De caravelas a pedais: portalegrense Nuno Gandum liga dois países que a História já tinha cruzado

O portalegrense Nuno Gandum está a ligar, a pedais, dois países que a História já tinha cruzado por mar. Transformou o regresso de Copenhaga (Dinamarca) numa travessia europeia de bicicleta, uma viagem solitária que junta esforço, descoberta e uma missão ambiental que quer trazer até Portugal.

A ideia nasceu ainda na Dinamarca, onde viveu dois anos enquanto concluía o mestrado. Primeiro como brincadeira, inspirada pelo quotidiano de Copenhaga, cidade onde a bicicleta é parte da rotina. Com o fim dos estudos, percebeu que podia trocar o voo por um percurso longo, seguindo por terra o caminho que, séculos antes, outros portugueses tinham feito por mar.

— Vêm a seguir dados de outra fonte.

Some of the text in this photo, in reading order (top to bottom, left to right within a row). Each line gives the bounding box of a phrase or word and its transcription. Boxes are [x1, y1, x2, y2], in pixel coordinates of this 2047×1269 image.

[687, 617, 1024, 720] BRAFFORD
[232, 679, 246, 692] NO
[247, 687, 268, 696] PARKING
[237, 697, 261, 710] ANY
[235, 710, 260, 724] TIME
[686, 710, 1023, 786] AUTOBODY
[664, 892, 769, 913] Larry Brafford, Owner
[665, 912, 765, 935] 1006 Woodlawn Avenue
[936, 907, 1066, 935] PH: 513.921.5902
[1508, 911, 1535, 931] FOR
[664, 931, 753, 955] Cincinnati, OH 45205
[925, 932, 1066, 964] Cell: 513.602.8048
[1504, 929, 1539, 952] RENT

O trajeto tem decorrido sem grandes contratempos mecânicos. Os últimos dias trouxeram chuva e vento, mas de forma intermitente, permitindo-lhe manter o ritmo e aproveitar os derradeiros momentos de verão no norte da Europa. A experiência, afirma, tem sido motivadora e tem reforçado a vontade de concluir o desafio.

A viagem tem também uma dimensão solidária: Nuno está a angariar fundos para a Rewilding Portugal, organização cujo trabalho de conservação no Vale do Côa acompanha há vários anos. Ao longo do caminho, explica a iniciativa a quem encontra, gesto que tem ajudado a divulgar a causa e a aumentar o número de contributos.

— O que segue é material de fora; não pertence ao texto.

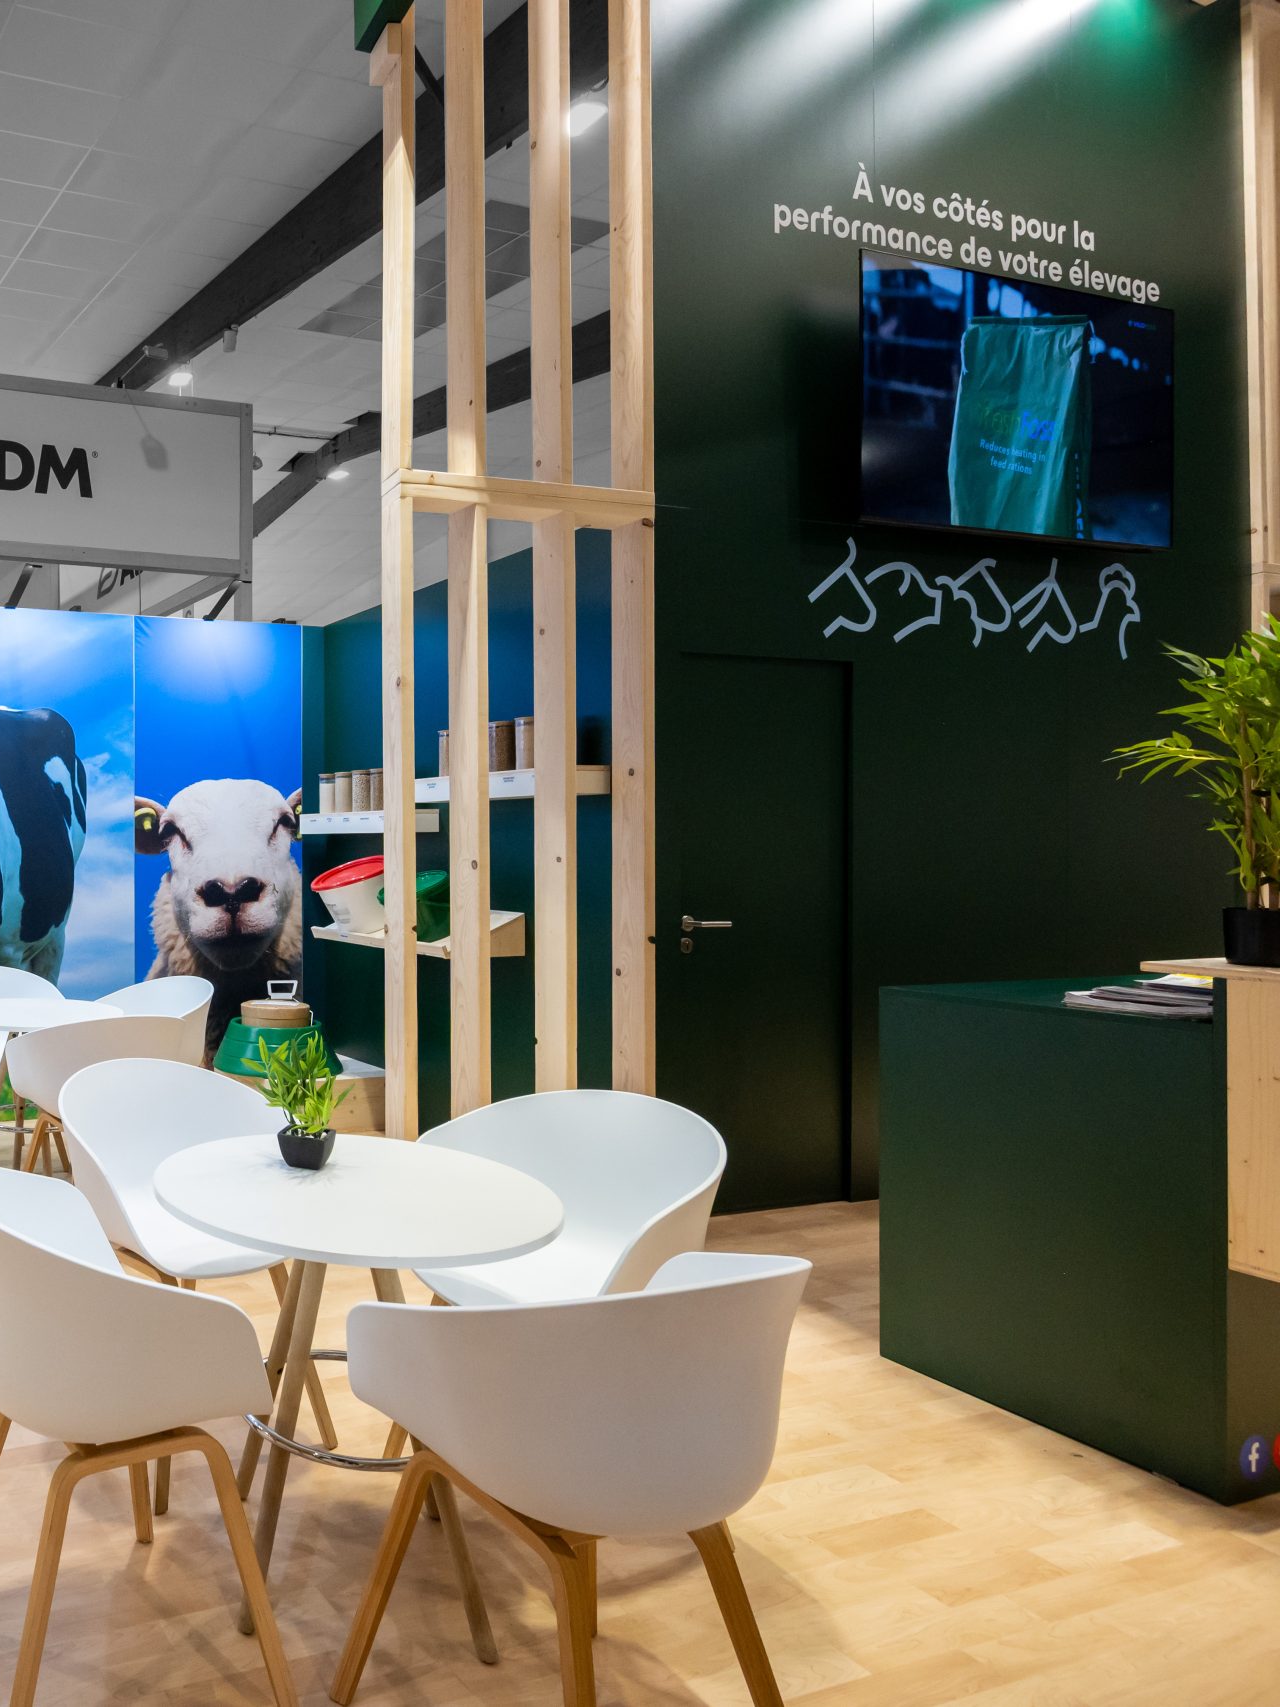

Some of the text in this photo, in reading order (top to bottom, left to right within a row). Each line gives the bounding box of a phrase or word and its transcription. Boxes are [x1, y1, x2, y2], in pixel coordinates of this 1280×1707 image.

Partiu de Copenhaga há pouco mais de duas semanas, depois de alguns dias dedicados a explorar o país onde viveu. Encontra‑se agora no segundo dia de passagem pela Alemanha, numa pequena vila junto a um lago que lhe serve de pausa antes de retomar a estrada.

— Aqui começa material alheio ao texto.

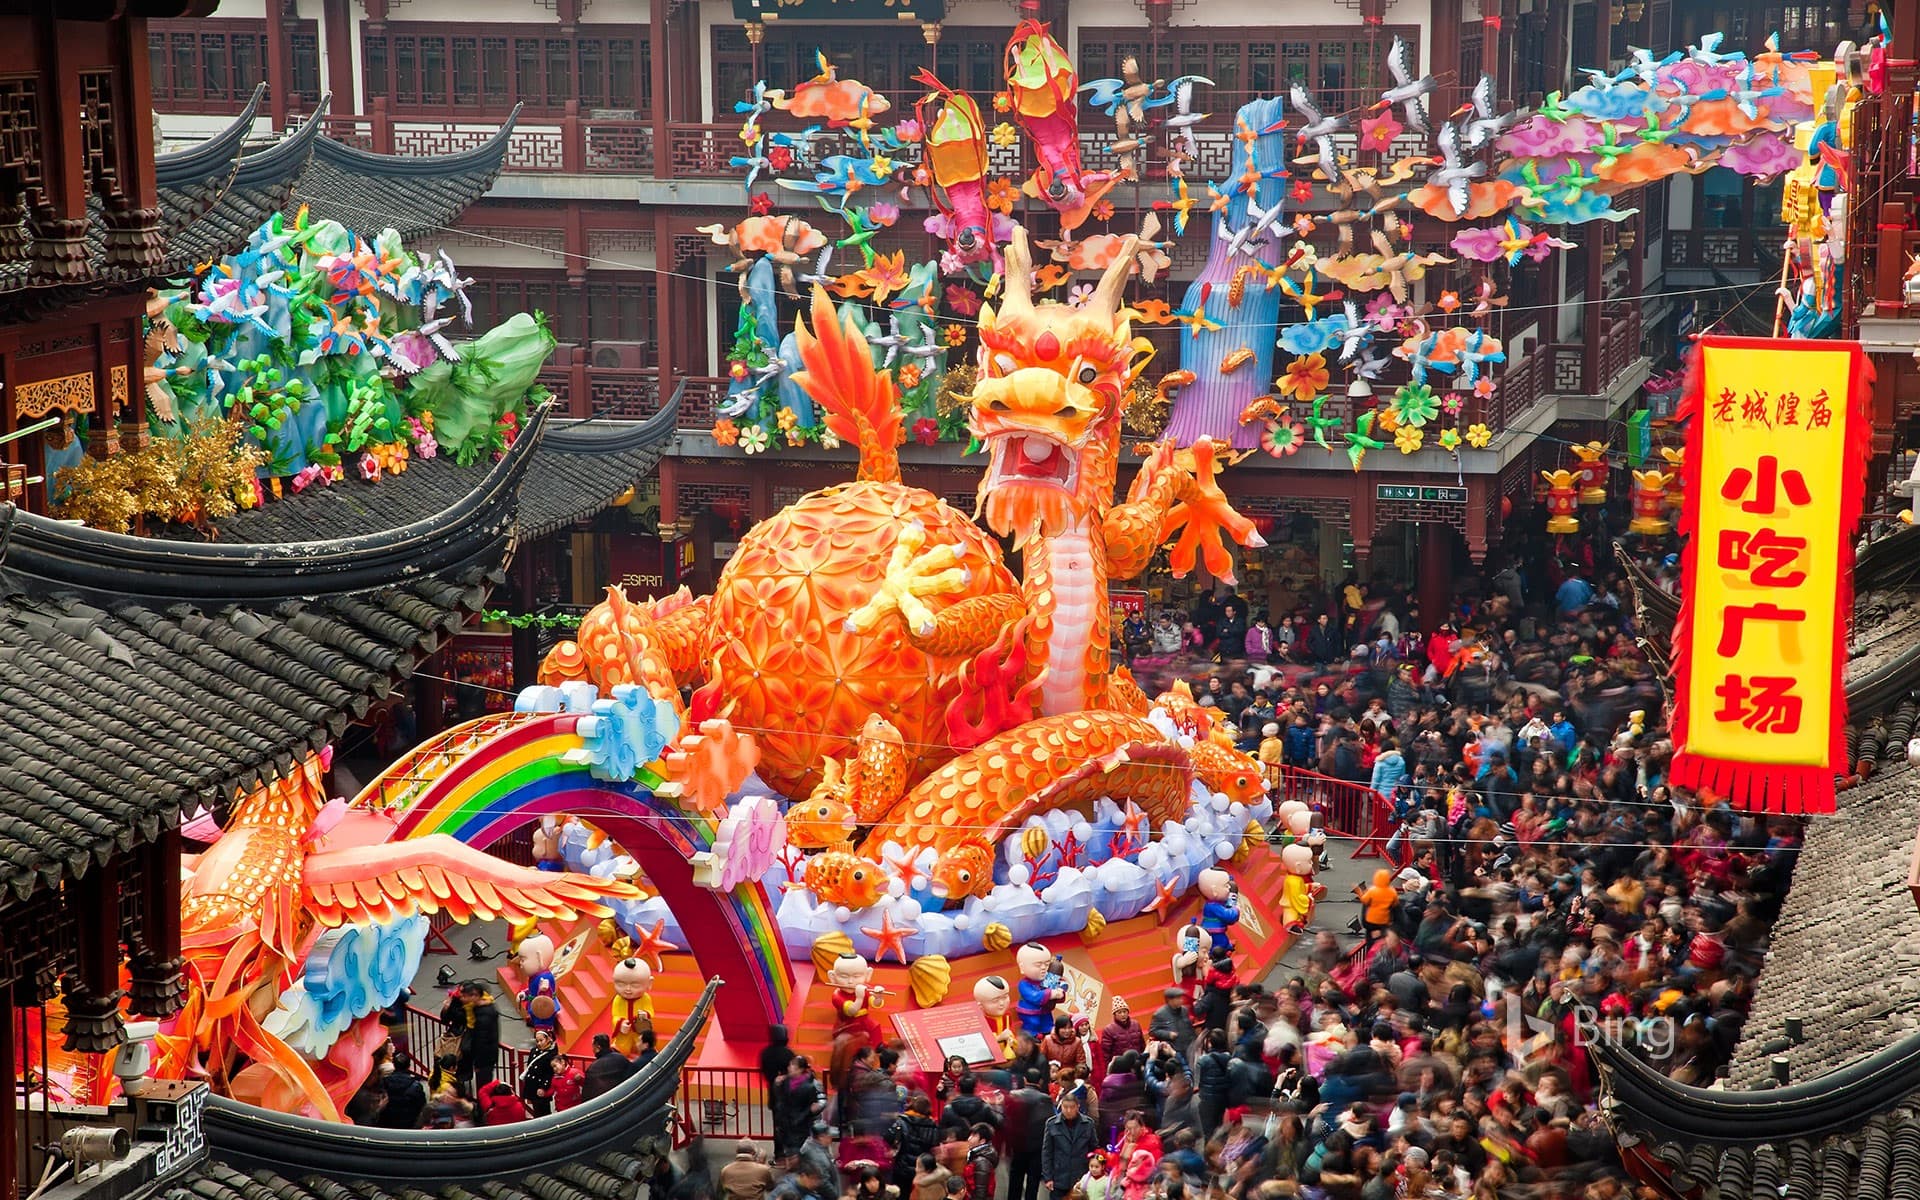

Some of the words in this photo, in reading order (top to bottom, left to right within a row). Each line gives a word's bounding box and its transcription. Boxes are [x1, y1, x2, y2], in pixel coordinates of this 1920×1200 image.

[1712, 387, 1832, 431] 老城隍庙
[622, 573, 663, 588] ESPRIT
[1714, 455, 1812, 734] 小吃广场

A chegada a Portugal está prevista para meados ou finais de outubro, dependendo das condições físicas, mecânicas e do ritmo que conseguir manter. O objetivo é concluir o percurso antes de novembro, fechando uma ligação entre Dinamarca e Portugal que, desta vez, não se faz por caravelas, mas por quilómetros de estrada.